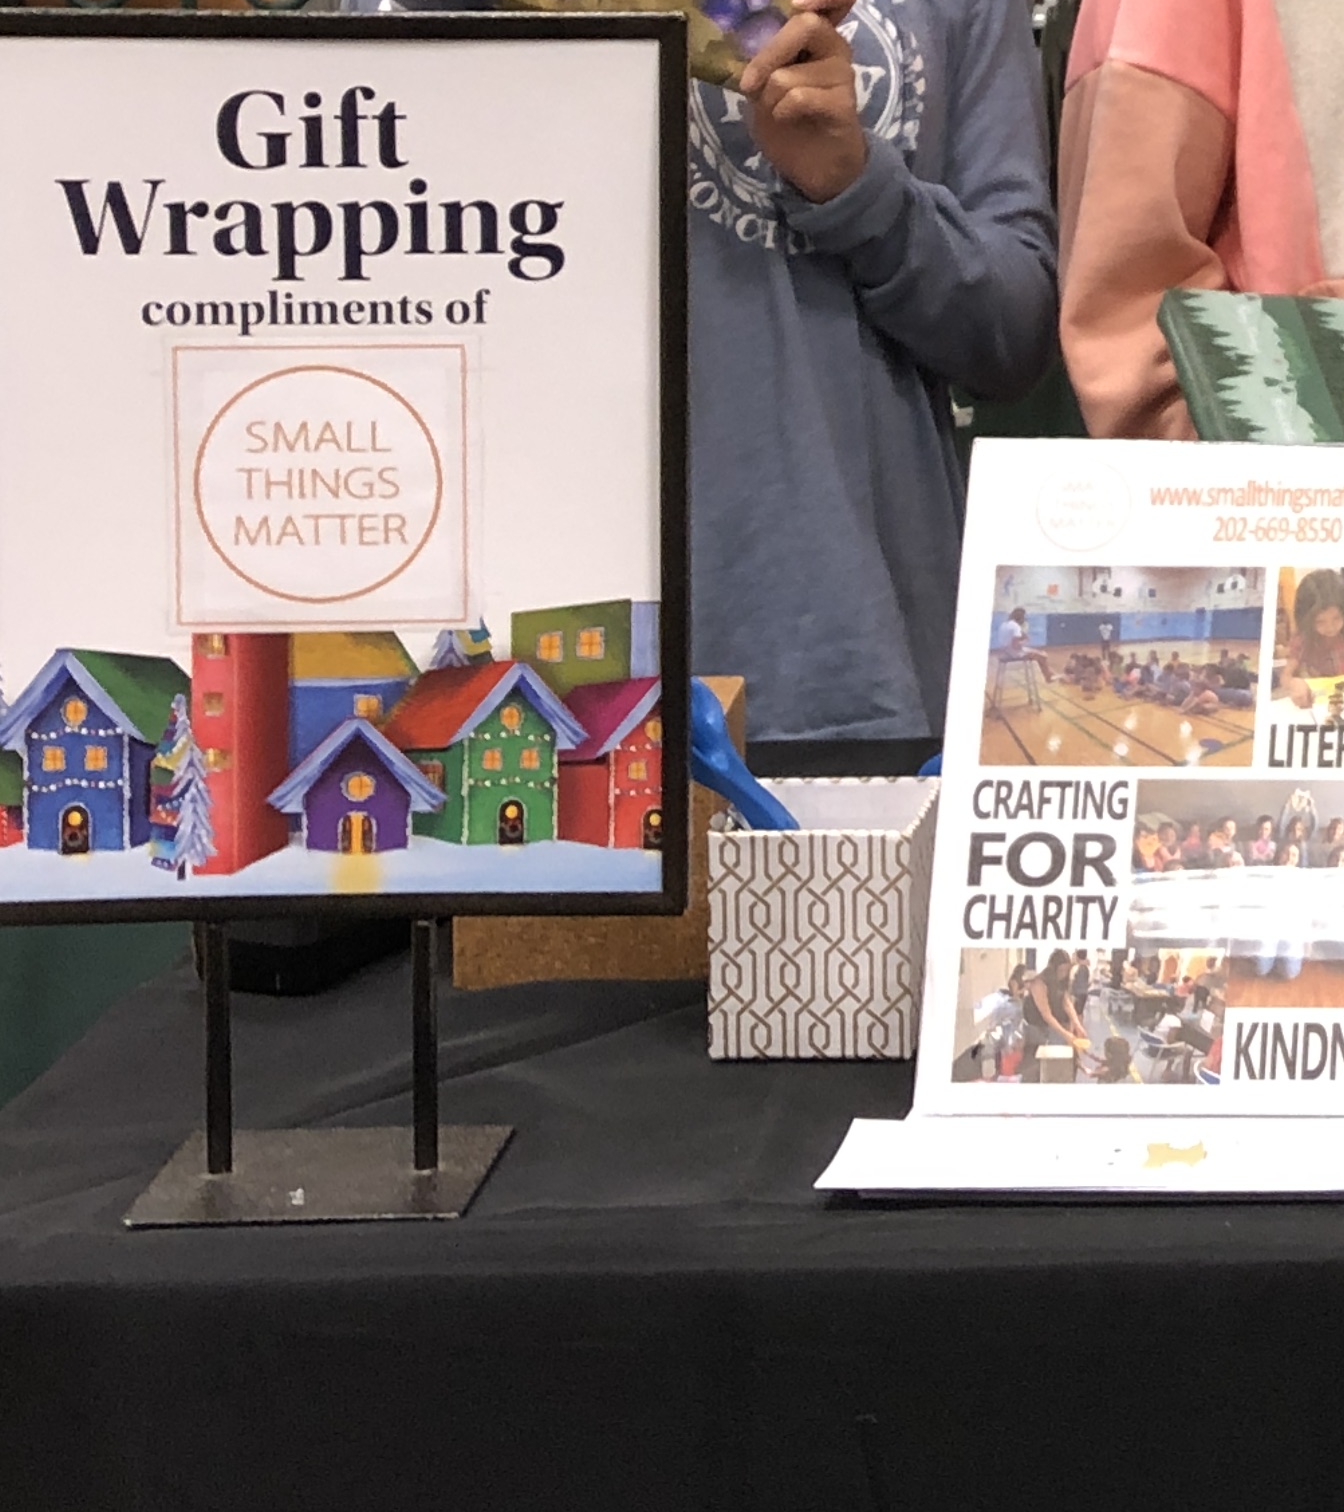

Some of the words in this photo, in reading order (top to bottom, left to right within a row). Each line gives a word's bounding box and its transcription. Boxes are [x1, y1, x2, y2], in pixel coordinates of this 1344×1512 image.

[215, 86, 409, 171] Gift
[56, 178, 565, 282] Wrapping
[141, 291, 433, 336] compliments
[445, 290, 492, 326] of
[245, 420, 392, 454] SMALL
[236, 466, 401, 500] THINGS
[233, 513, 409, 547] MATTER
[1212, 516, 1343, 543] 202-669-8550
[972, 780, 1129, 821] CRAFTING
[966, 830, 1118, 888] FOR
[963, 894, 1119, 941] CHARITY
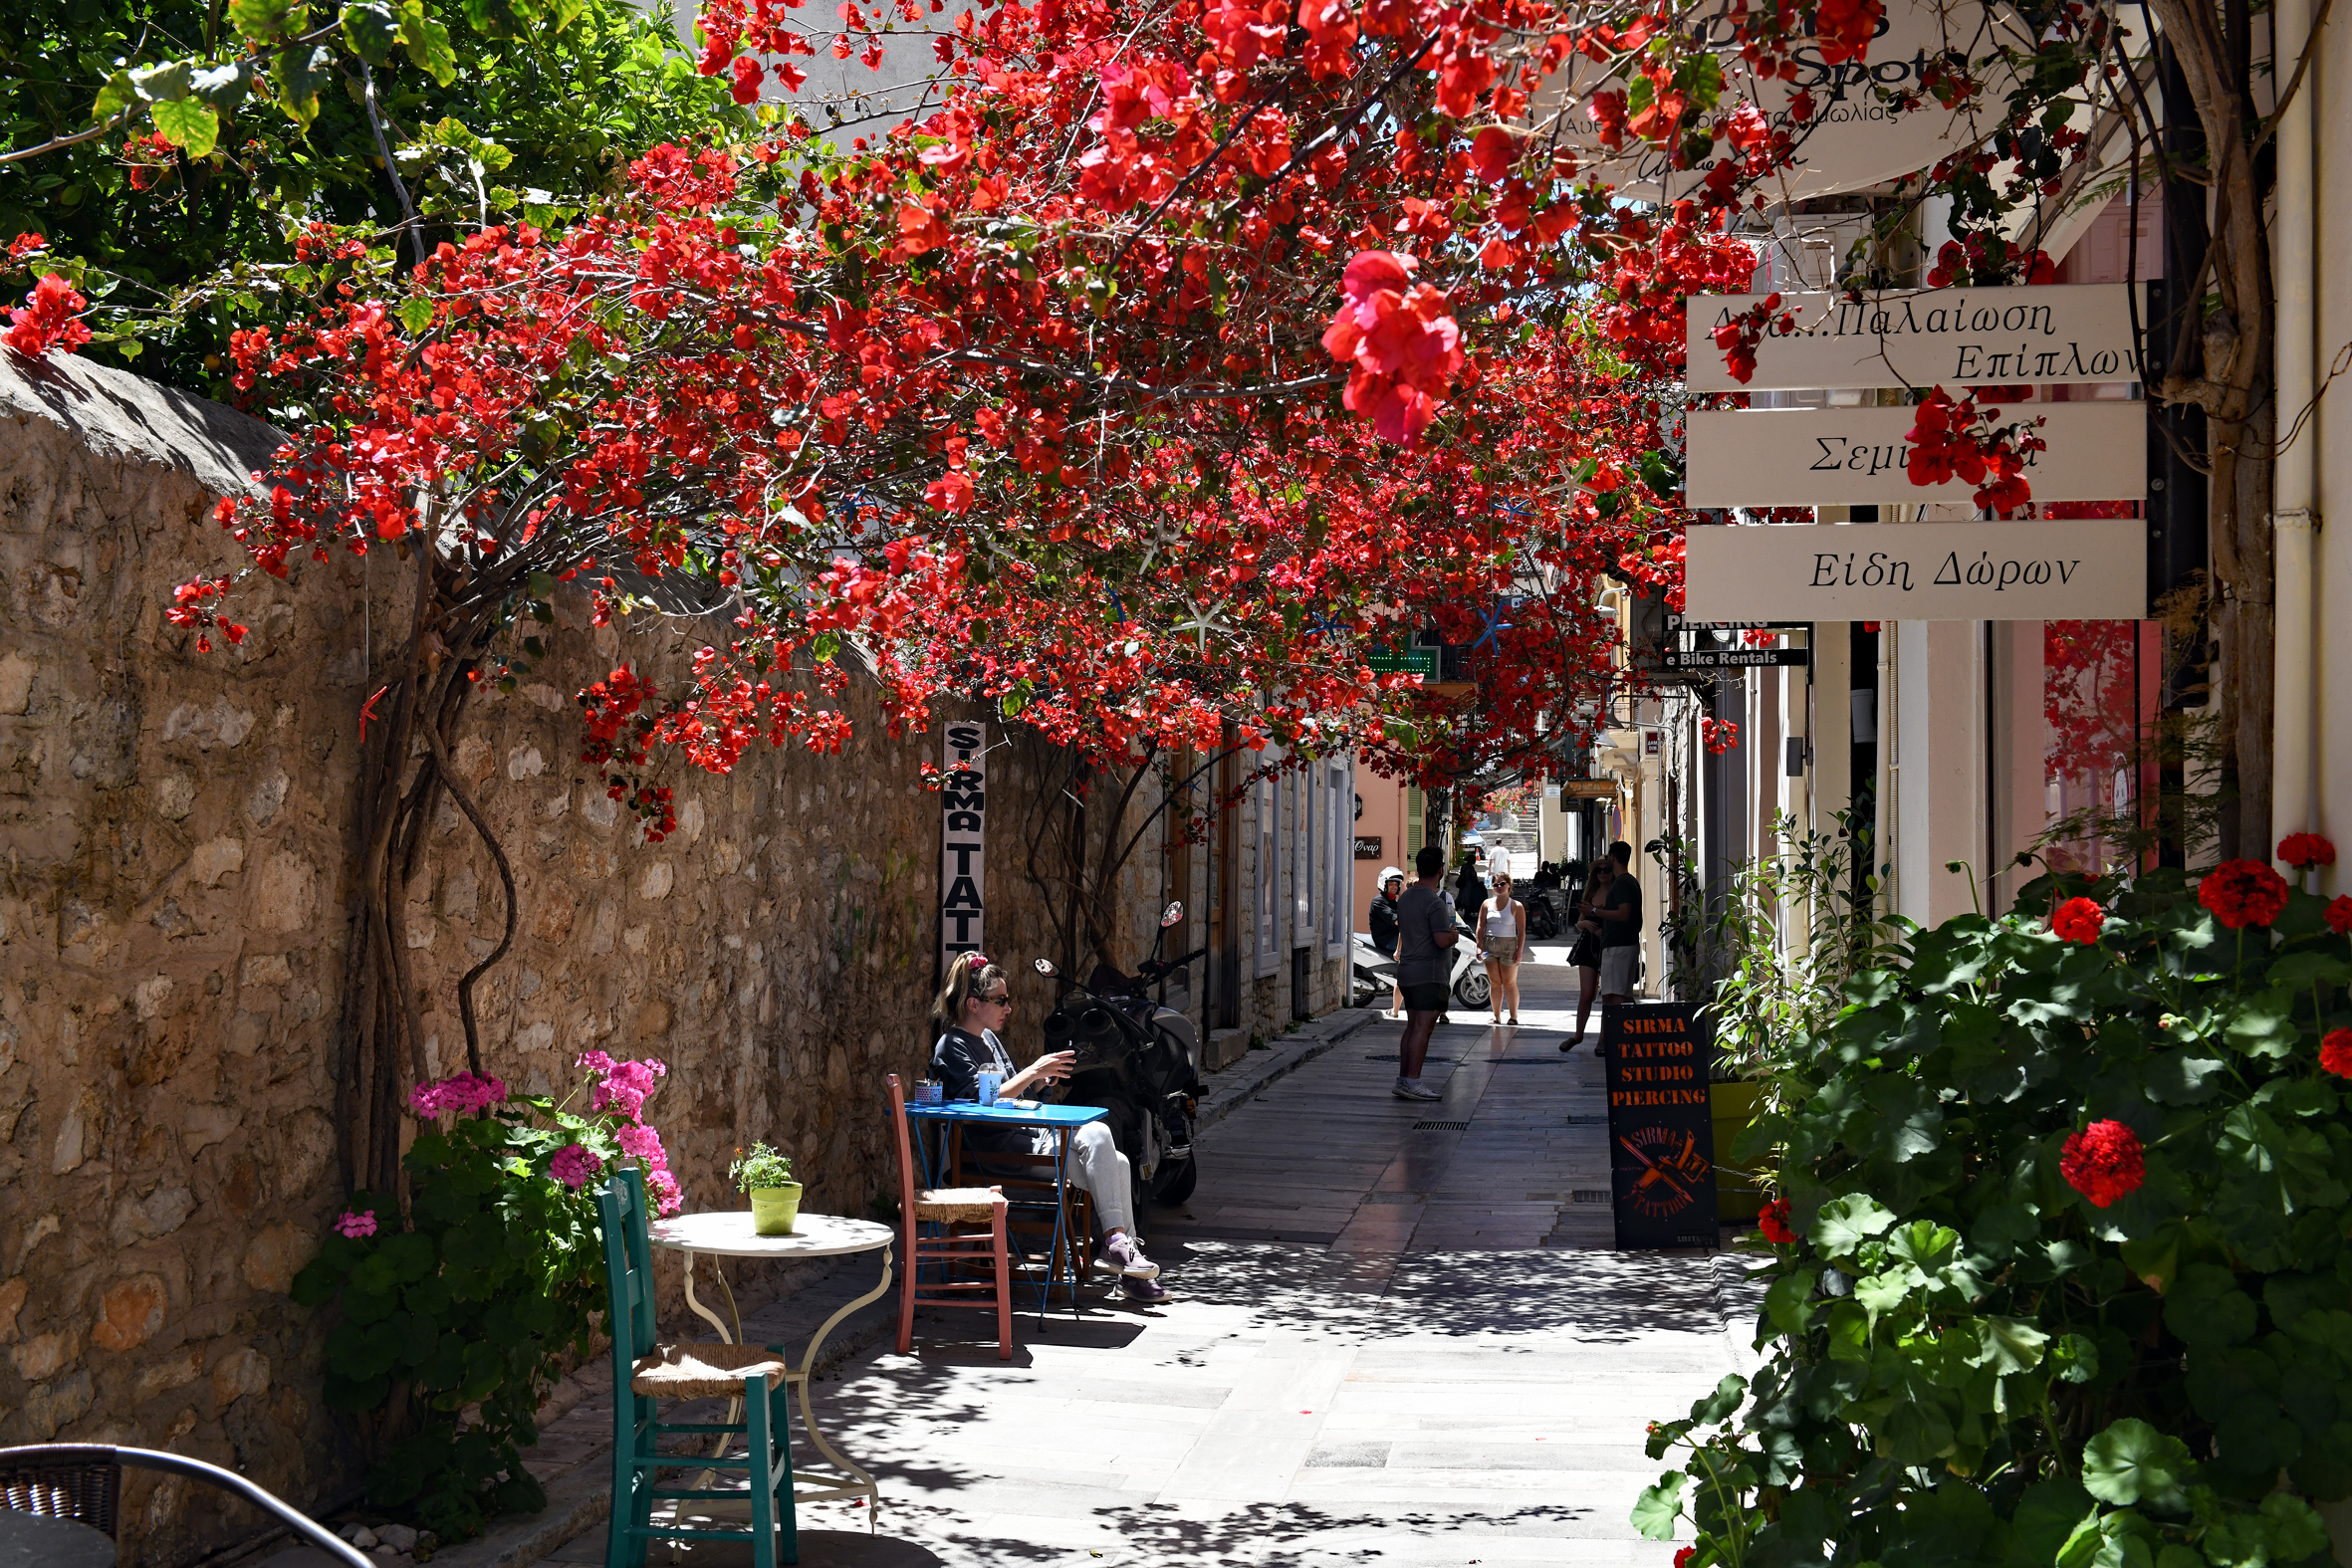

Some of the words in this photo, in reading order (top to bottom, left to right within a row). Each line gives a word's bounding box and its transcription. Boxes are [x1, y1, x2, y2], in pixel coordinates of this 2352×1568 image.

[1787, 46, 1932, 102] Spot
[1952, 342, 2147, 380] Επίπλων
[1809, 553, 1914, 591] Είδη
[1934, 551, 2080, 591] Δώρων
[1666, 655, 1676, 666] e
[1680, 652, 1714, 665] Bike
[1719, 651, 1777, 664] Rentals
[943, 727, 985, 832] SIRMA
[1623, 1017, 1686, 1034] SIRMA
[1618, 1041, 1694, 1058] TATTOO
[1621, 1065, 1694, 1082] STUDIO
[1612, 1088, 1706, 1106] PIERCING
[1631, 1126, 1677, 1148] SIRMA
==========
## Work item
The records above are to be reproduced exactly; the pictures are to be left out.

## The completed task
Some of the words in this photo, in reading order (top to bottom, left to right within a row). Each line gives a word's bounding box and its transcription. Boxes are [x1, y1, x2, y2], in pixel coordinates of this 1344×1512 image.

[215, 86, 409, 171] Gift
[56, 178, 565, 282] Wrapping
[141, 291, 433, 336] compliments
[445, 290, 492, 326] of
[245, 420, 392, 454] SMALL
[236, 466, 401, 500] THINGS
[233, 513, 409, 547] MATTER
[1212, 516, 1343, 543] 202-669-8550
[972, 780, 1129, 821] CRAFTING
[966, 830, 1118, 888] FOR
[963, 894, 1119, 941] CHARITY

Some of the words in this photo, in reading order (top to bottom, left to right within a row). Each line gives a word's bounding box and its transcription. Boxes are [x1, y1, x2, y2], in pixel coordinates of this 2352×1568 image.

[1787, 46, 1932, 102] Spot
[1952, 342, 2147, 380] Επίπλων
[1809, 553, 1914, 591] Είδη
[1934, 551, 2080, 591] Δώρων
[1666, 655, 1676, 666] e
[1680, 652, 1714, 665] Bike
[1719, 651, 1777, 664] Rentals
[943, 727, 985, 832] SIRMA
[1623, 1017, 1686, 1034] SIRMA
[1618, 1041, 1694, 1058] TATTOO
[1621, 1065, 1694, 1082] STUDIO
[1612, 1088, 1706, 1106] PIERCING
[1631, 1126, 1677, 1148] SIRMA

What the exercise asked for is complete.